Ce dernier se présente pourtant dès ses premières pages comme la suite directe de ce qui est peut-être aujourd'hui le chef d'œuvre du roman d'espionnage du XXème siècle. Nous y retrouvons le Cirque dans un état particulièrement délabré après le passage de la taupe, et George Smiley se retrouve à devoir ramasser les débris pour remettre le navire à flot. Entreprise désespérée au possible : la Couronne a quelques réticences (compréhensibles) à investir dans un service dont l'intégralité des secrets a été éventée au profit des Russes.


En tant que vainqueur de la taupe, Smiley s'est imposé à nos yeux comme l'idéal du personnage ne cédant à l'adversité. Monolithe inébranlable du contre-espionnage britannique, homme d'action au sens de celui possédant un désir bien décidé.
Du moins c'est ce que l'on pourrait affirmer, si l'on en restait à la surface de ce qui est appelé un "roman d'espionnage".


Car George Smiley au-delà de ses exploits est avant tout un espion vieillissant, bedonnant, en proie au doute sur le bien-fondé de ses convictions. Si le fantôme de sa femme, la nébuleuse Ann Smiley, hantait chacune de ses réflexions dans sa précédente quête, "The Honourable Schoolboy" tire un trait radical sur le passé dès ses premières pages en faisant purement et simplement disparaître ce pan de la vie de Smiley. Décidé à remonter la piste de Karla et à éliminer celui qui l'ébranla jusque dans ses fondements, Smiley repart dans les archives de la période "d'avant la chute", pour trouver de quoi détruire sa Némésis. Une affaire de transfert d'argent à Hong Kong semble présenter assez d'importance à ses yeux, au vu du soin qui a été mis par la taupe pour la dissimuler. C'est envers l'avis d'une administration sceptique que Smiley enverra son homme de main Jerry Westerby, déjà croisé auparavant, enquêter en Extrême-Orient.

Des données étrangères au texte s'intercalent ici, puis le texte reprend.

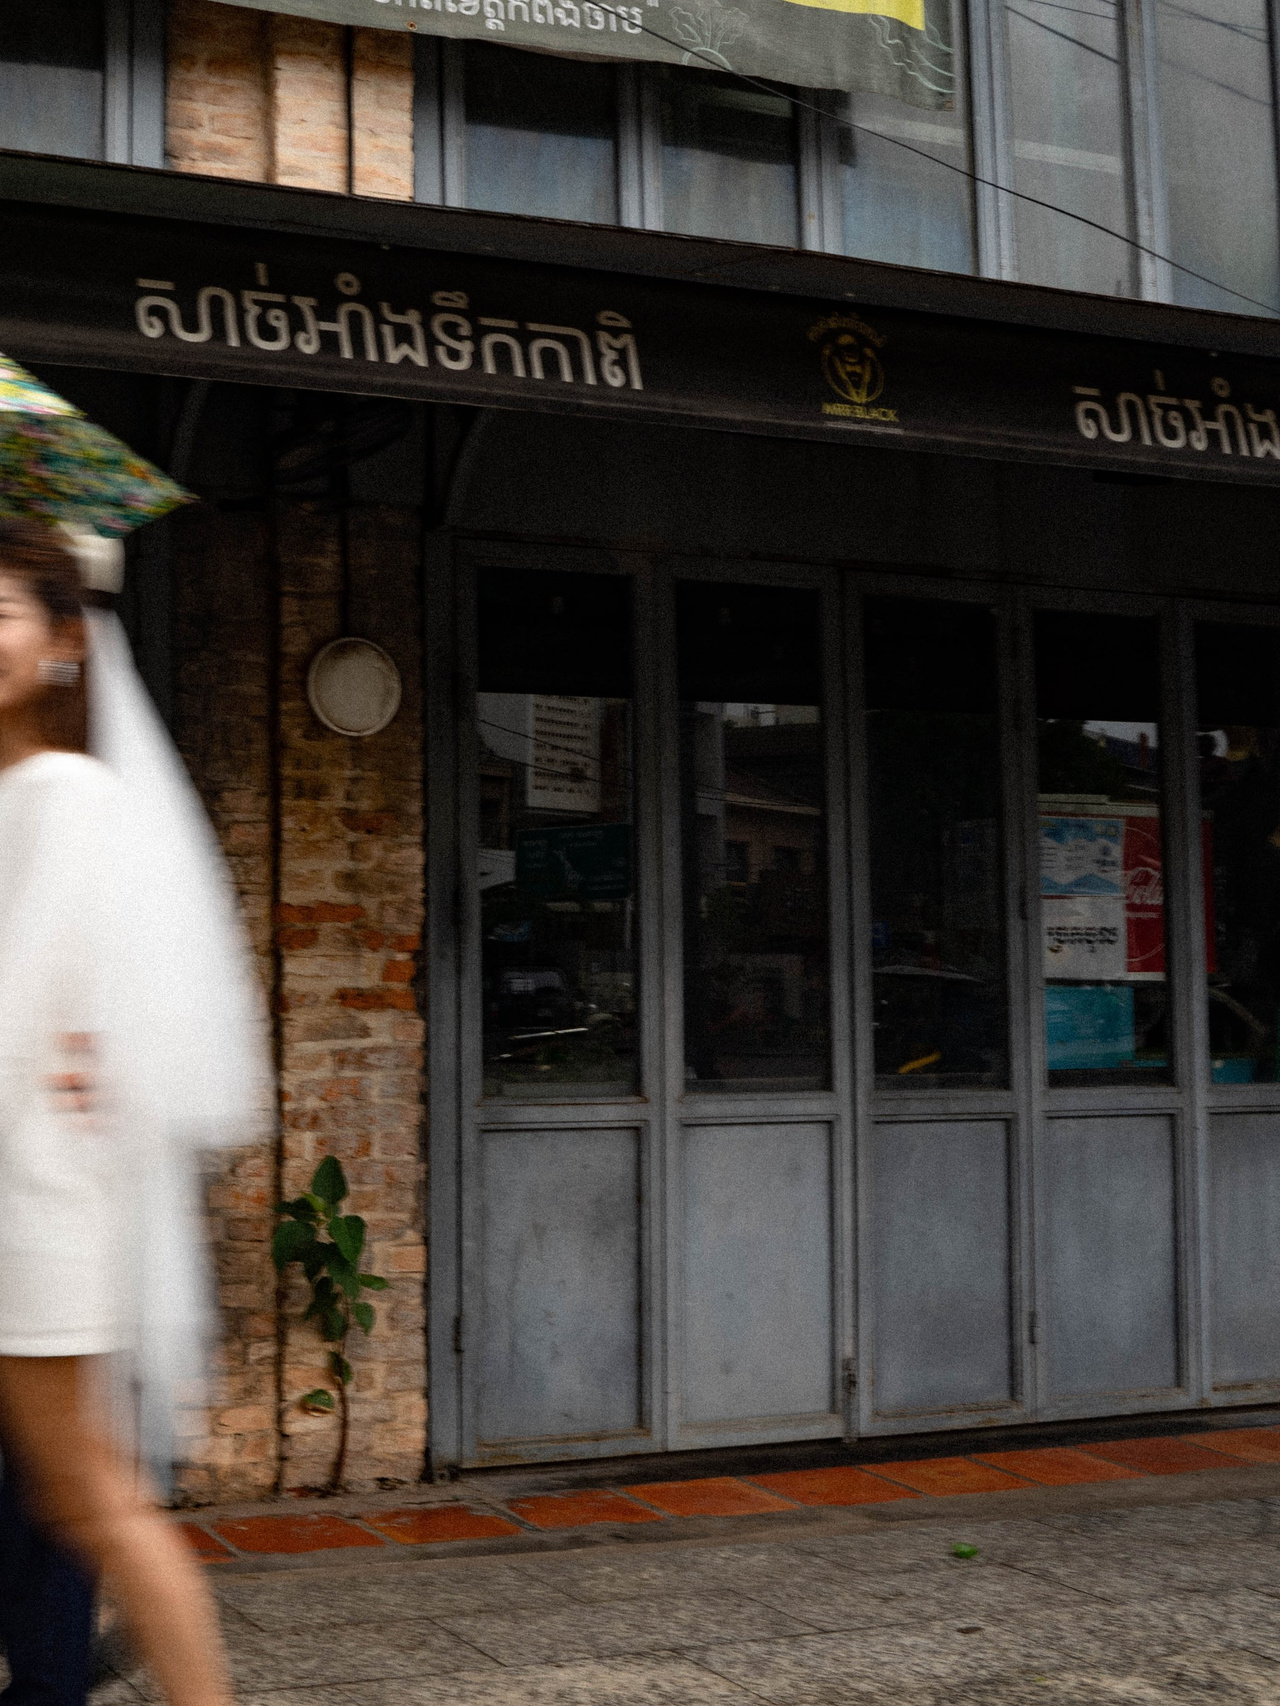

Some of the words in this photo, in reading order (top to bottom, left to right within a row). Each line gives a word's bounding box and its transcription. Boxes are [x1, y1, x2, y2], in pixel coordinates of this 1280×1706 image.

[134, 262, 645, 391] សាច់អាំងទឹកកាពិ

Et si l'on donne régulièrement le beau rôle à Smiley lorsqu'il s'agit d'évoquer le talent d'écriture de John le Carré, ce serait mentir que d'affirmer qu'il est le seul point d'intérêt de ce livre. Ce dernier va se révéler être bien plus que "la suite de la Taupe".

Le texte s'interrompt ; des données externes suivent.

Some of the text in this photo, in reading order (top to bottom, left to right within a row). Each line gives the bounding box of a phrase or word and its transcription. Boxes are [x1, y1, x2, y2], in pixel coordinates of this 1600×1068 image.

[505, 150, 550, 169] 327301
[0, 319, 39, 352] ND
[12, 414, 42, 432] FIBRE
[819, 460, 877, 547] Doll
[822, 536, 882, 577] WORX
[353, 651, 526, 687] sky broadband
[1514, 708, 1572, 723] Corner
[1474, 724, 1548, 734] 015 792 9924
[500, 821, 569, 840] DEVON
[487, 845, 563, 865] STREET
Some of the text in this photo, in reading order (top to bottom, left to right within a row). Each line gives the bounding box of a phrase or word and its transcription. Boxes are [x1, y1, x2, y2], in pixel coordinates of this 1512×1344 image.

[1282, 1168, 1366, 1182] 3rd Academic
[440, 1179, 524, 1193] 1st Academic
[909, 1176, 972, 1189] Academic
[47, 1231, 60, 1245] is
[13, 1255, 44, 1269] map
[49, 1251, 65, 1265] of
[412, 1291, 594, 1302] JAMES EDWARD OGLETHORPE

Oui, "The Honourable Schoolboy" va, au-delà de ce que l'on pourrait imaginer, se révéler être une entreprise bien plus ambitieuse que son prédécesseur. Là où ce dernier se présentait comme une froide quête intellectuelle aux circonvolutions sinueuses dans le passé, son successeur va tout au contraire s'imposer comme une aventure chaotique et baroque, une fuite en avant dont l'éminent symbole est son héros Jerry Westerby.
Tandis qu'en Angleterre se débattent les éléments les plus excentriques du Cirque (de l'arthritique et alcoolique Connie Sachs jusqu'au fougueux Peter Guillam), en Extrême-Orient tâtonne le plus paradoxal des agents de sa Majesté. Le collégien du titre se présente comme l'exemple typique du fauve indomptable.
Refusant tout à la fois l'héritage de son père, grand lord anglais, et les conditions de travail du journalisme d'investigation classique, il exerce à ses moments perdus la profession d'agent secret. Mais nous ne sommes pas ici aux prises avec la froideur opérationnelle ou la rigidité morale des gens de la trempe de Smiley. Jerry est un électron libre, tête brûlée et improvisateur de talent, trompant sans cesse la mort par un mélange de chance insensée et de romantisme débridé. Loin de se situer dans le sillage de celles de Smiley, les péripéties de Jerry formeront au contraire un voyage trépidant et dépaysant.


L'amour des grandes idées, et son interprétation dans les actes, a toujours été un thème fort chez le Carré. "The Honourable Schoolboy", du haut de ses 670 pages, est un festival de trajectoires de vie fascinantes et de fortes personnalités. Car contrairement aux romans où les personnages fonctionnent selon un système rationnel de valeurs d'où se déduisent presque mécaniquement leurs réactions, ici les personnages fonctionnent par impulsions, incertitudes, et autres "irrationalités" les rendant au contraire bien plus humains.
Au-delà de l'intrigue en elle-même, c'est surtout pour ses moments de grâce éphémère que l'on apprécie l'écriture de le Carré. C'est au milieu de la froideur des opérations, de l'action concrète et de la raison d'état, que peut surgir pour quelques lignes les états d'âme des agents concernés. Des âmes solitaires qui ne cherchent qu'à trouver un moyen de combler leur manque, que cela soit dans les passions passagères, les errances sans fin ou les idéaux romantiques.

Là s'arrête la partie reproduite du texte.